EXERCISE DETAILS: Leave the pictures out and reproduce all the entries word for word.

#### DATASET CONTENT ####

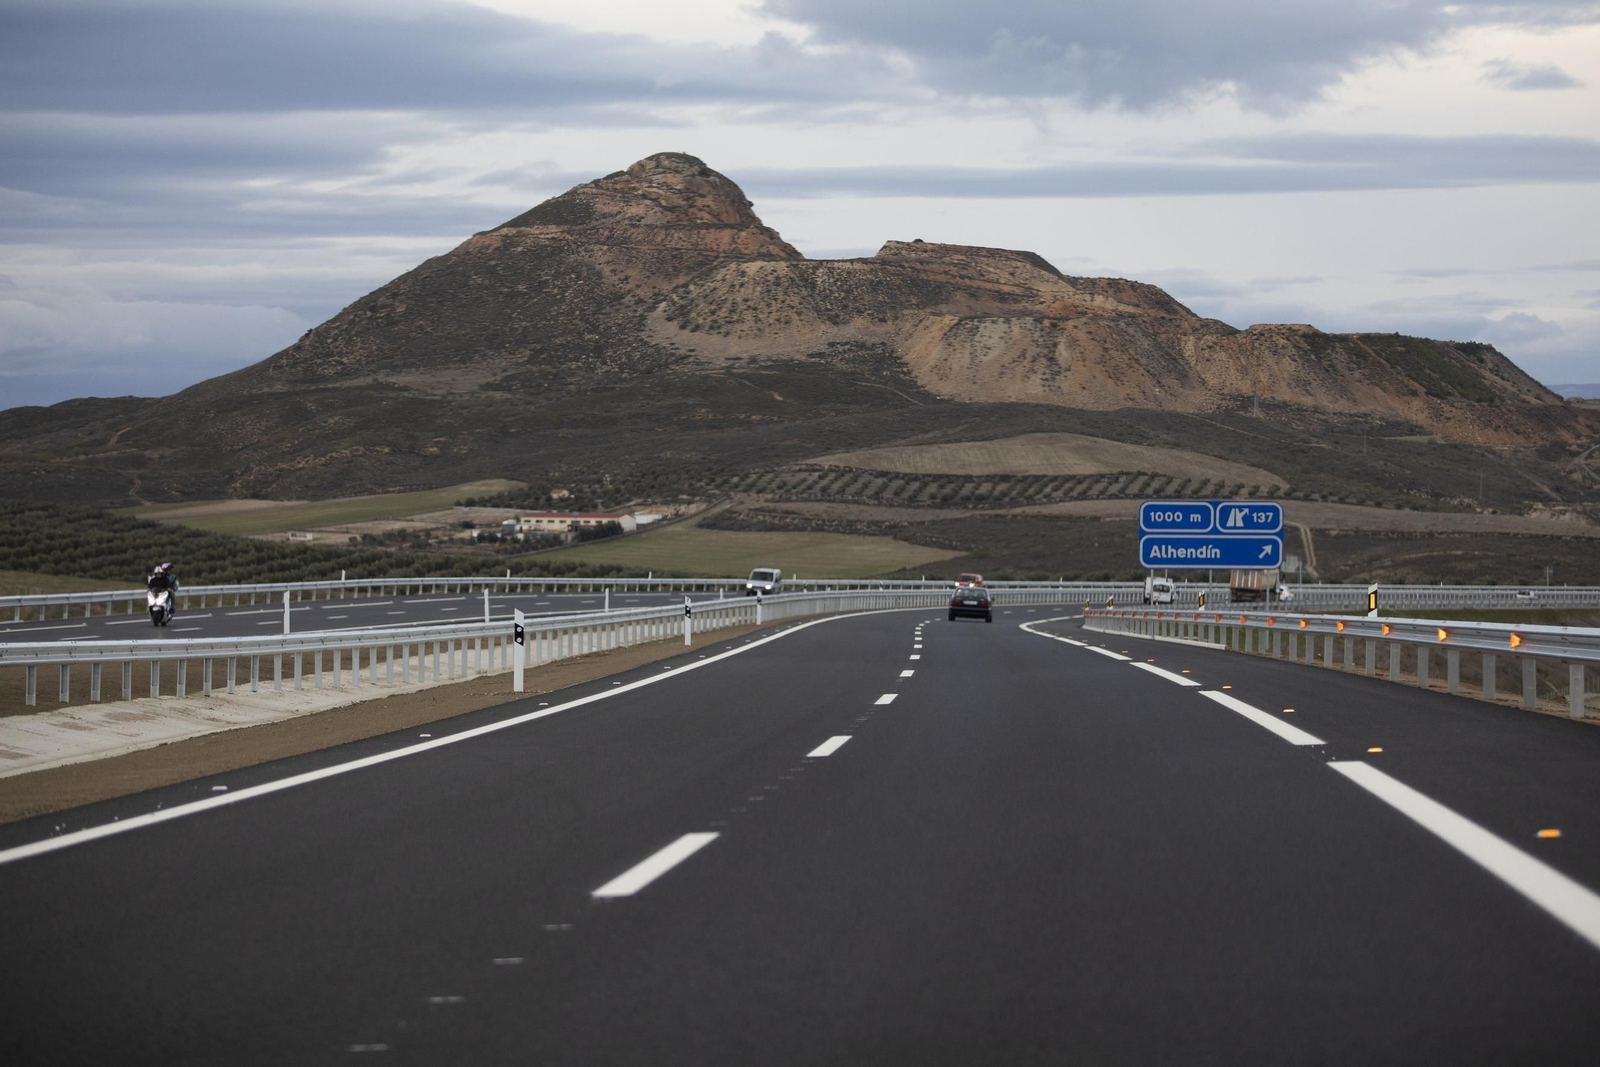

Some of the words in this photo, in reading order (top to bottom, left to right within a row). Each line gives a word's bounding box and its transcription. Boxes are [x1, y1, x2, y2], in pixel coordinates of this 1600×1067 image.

[1149, 511, 1183, 522] 1000
[1189, 513, 1201, 522] m
[1252, 512, 1274, 523] 137
[1149, 544, 1221, 559] Alhendín
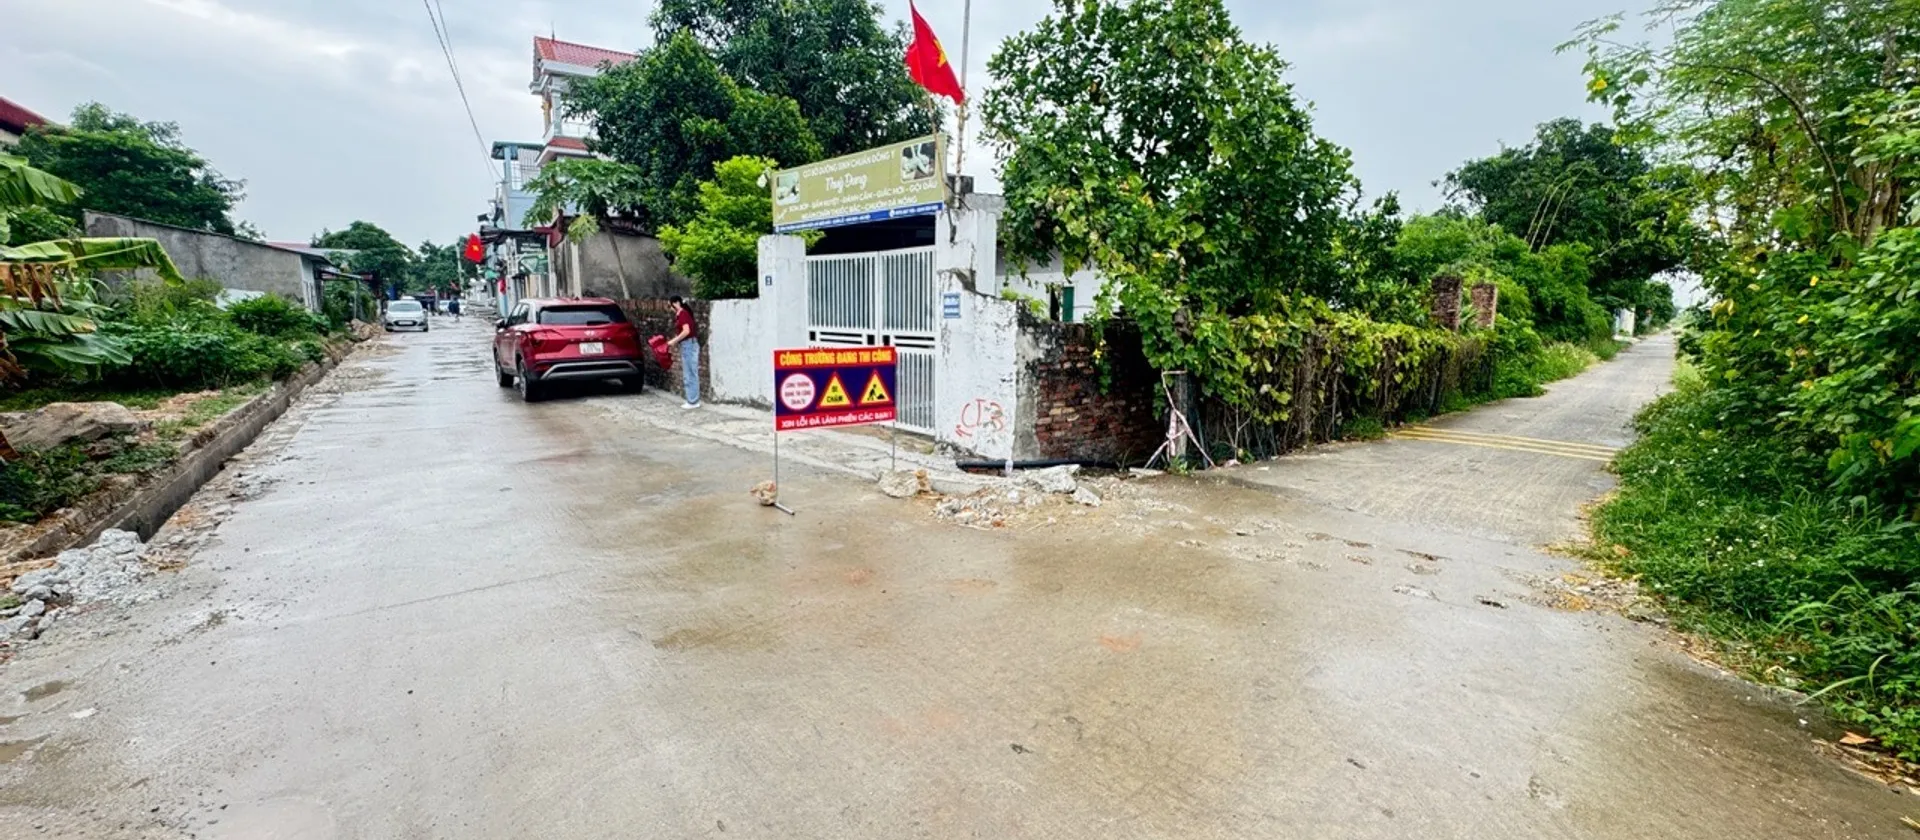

####

FINAL ANSWER:
Some of the words in this photo, in reading order (top to bottom, left to right within a row). Each line gives a word's bounding box and its transcription. Boxes are [x1, y1, x2, y2], in pixel coordinates of this 1600×1067 image.

[1149, 511, 1183, 522] 1000
[1189, 513, 1201, 522] m
[1252, 512, 1274, 523] 137
[1149, 544, 1221, 559] Alhendín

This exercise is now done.